• **Records**
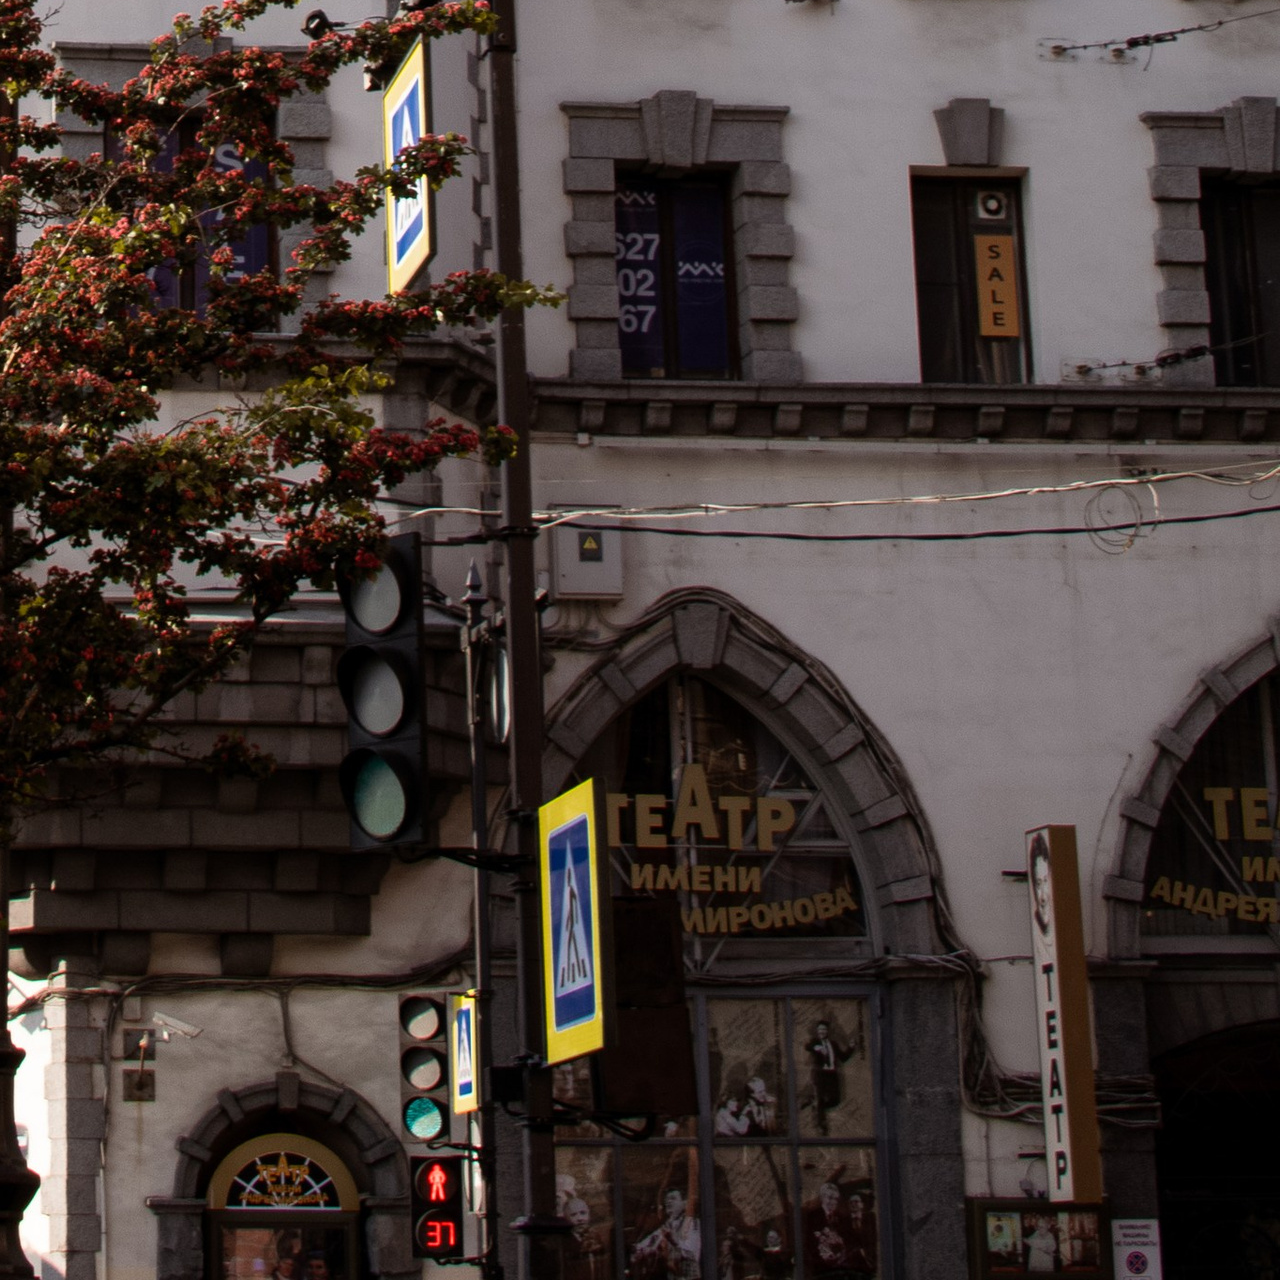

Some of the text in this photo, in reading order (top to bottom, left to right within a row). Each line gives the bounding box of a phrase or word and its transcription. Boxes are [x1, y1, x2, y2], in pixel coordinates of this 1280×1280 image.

[618, 268, 655, 296] 02
[987, 244, 1006, 326] SALE
[619, 304, 656, 332] 67
[606, 763, 795, 851] ТЕАТР
[1203, 786, 1280, 841] ТЕ
[631, 863, 762, 893] ИМЕНИ
[1149, 876, 1279, 923] АНДРЕЯ
[680, 886, 858, 935] МИРОНОВА
[1042, 963, 1066, 1189] ТЕАТР
[256, 1156, 309, 1181] ТЕАТР
[427, 1221, 455, 1246] 37
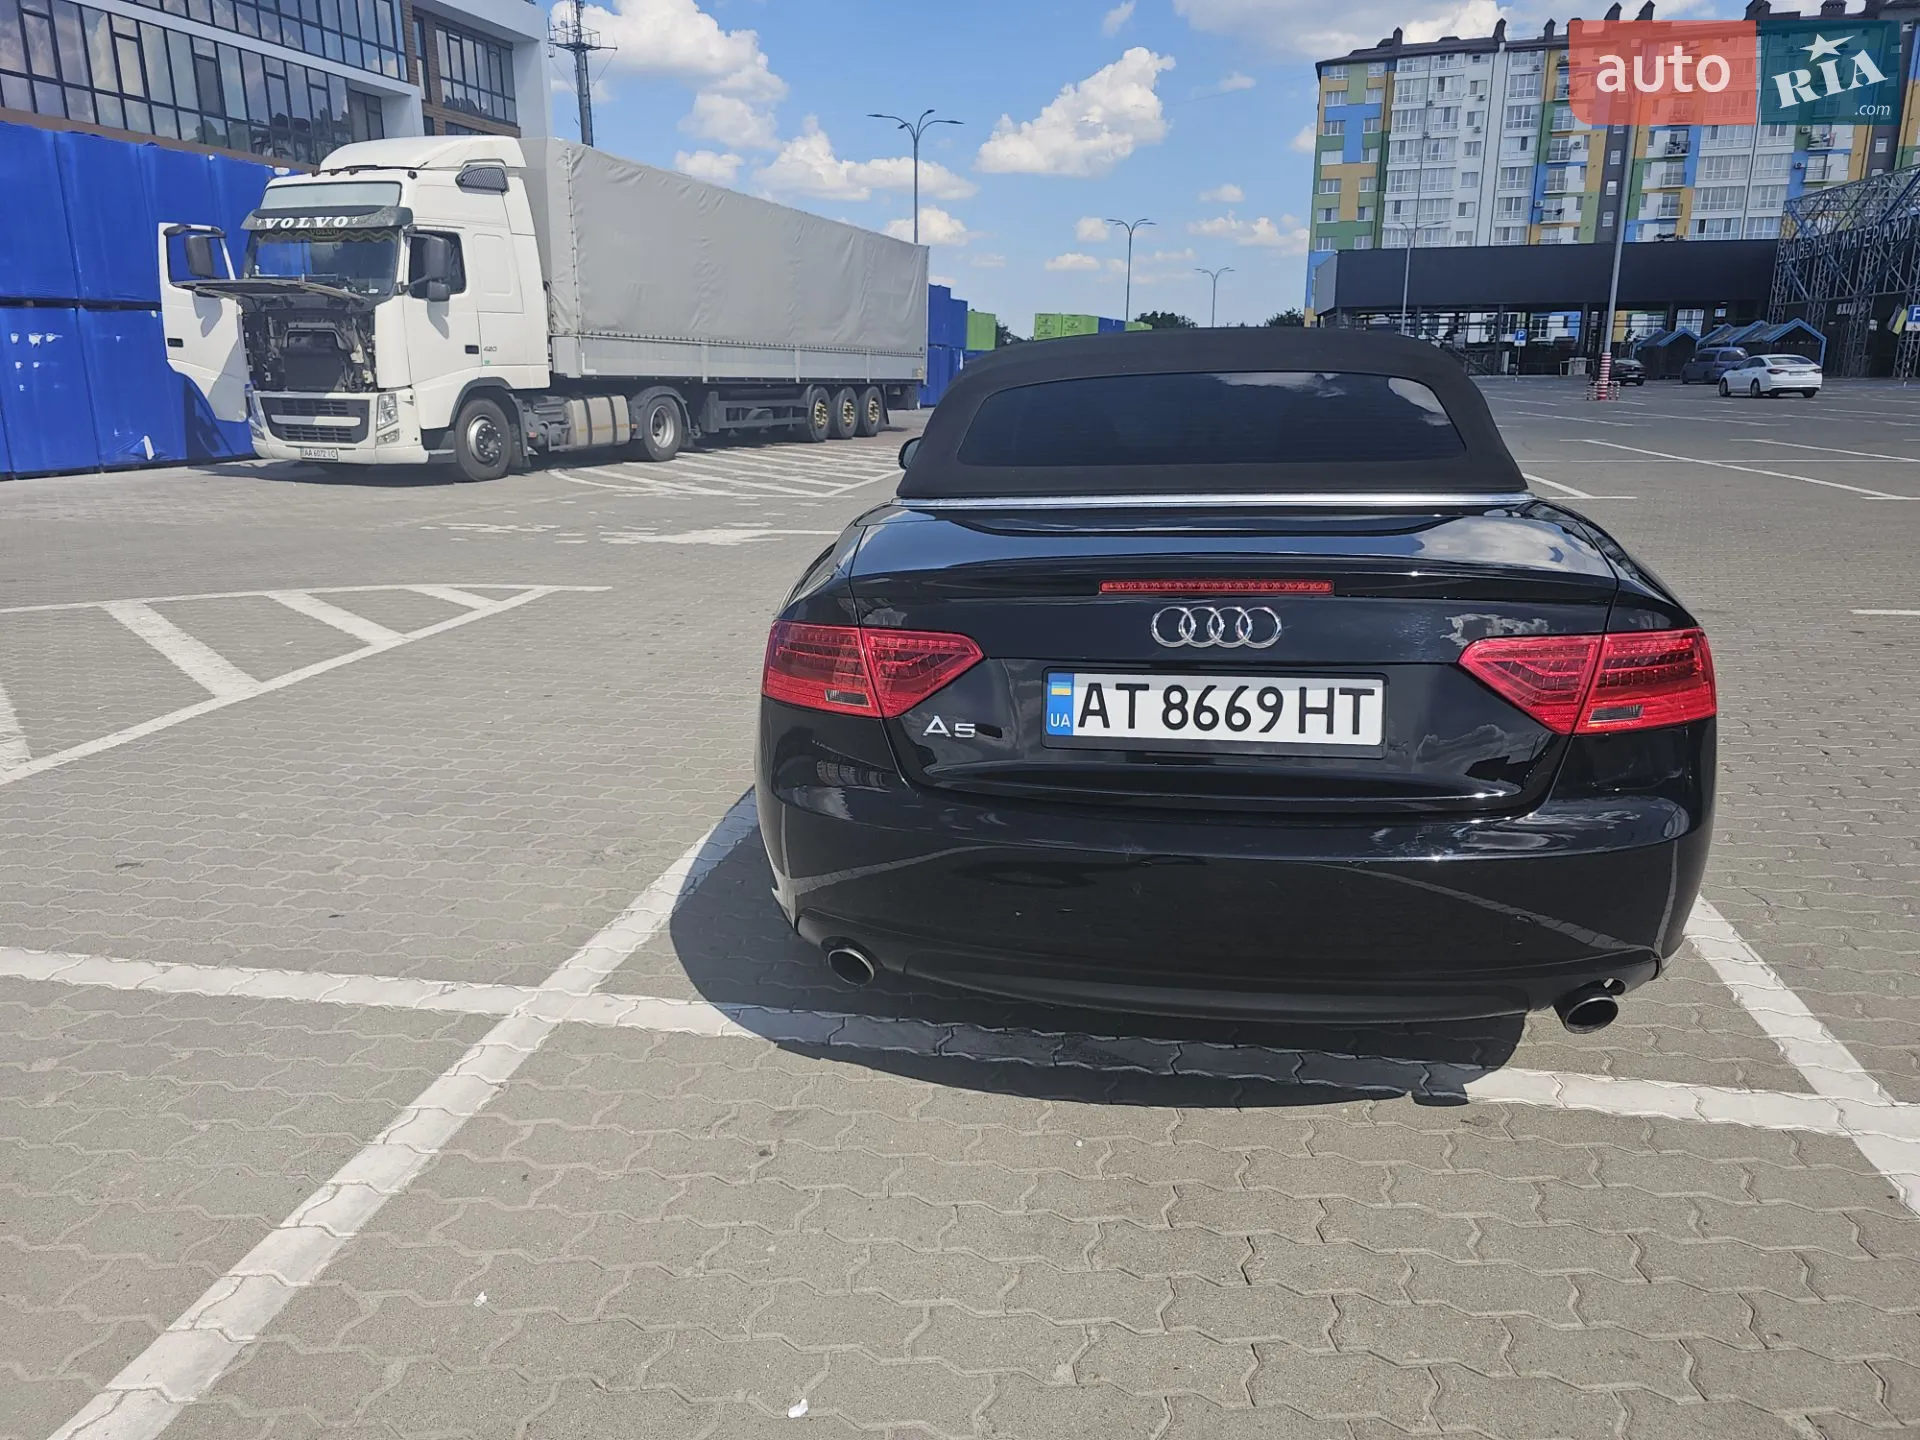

• **To do**
Word for word, print every record, and leave out any picture.

• **Response for this exercise**
Some of the text in this photo, in reading order (top to bottom, left to right within a row). Each line gives the bounding box of a phrase or word and its transcription. Boxes are [x1, y1, x2, y2], in pixel coordinates of this 1280×1280 image.

[618, 268, 655, 296] 02
[987, 244, 1006, 326] SALE
[619, 304, 656, 332] 67
[606, 763, 795, 851] ТЕАТР
[1203, 786, 1280, 841] ТЕ
[631, 863, 762, 893] ИМЕНИ
[1149, 876, 1279, 923] АНДРЕЯ
[680, 886, 858, 935] МИРОНОВА
[1042, 963, 1066, 1189] ТЕАТР
[256, 1156, 309, 1181] ТЕАТР
[427, 1221, 455, 1246] 37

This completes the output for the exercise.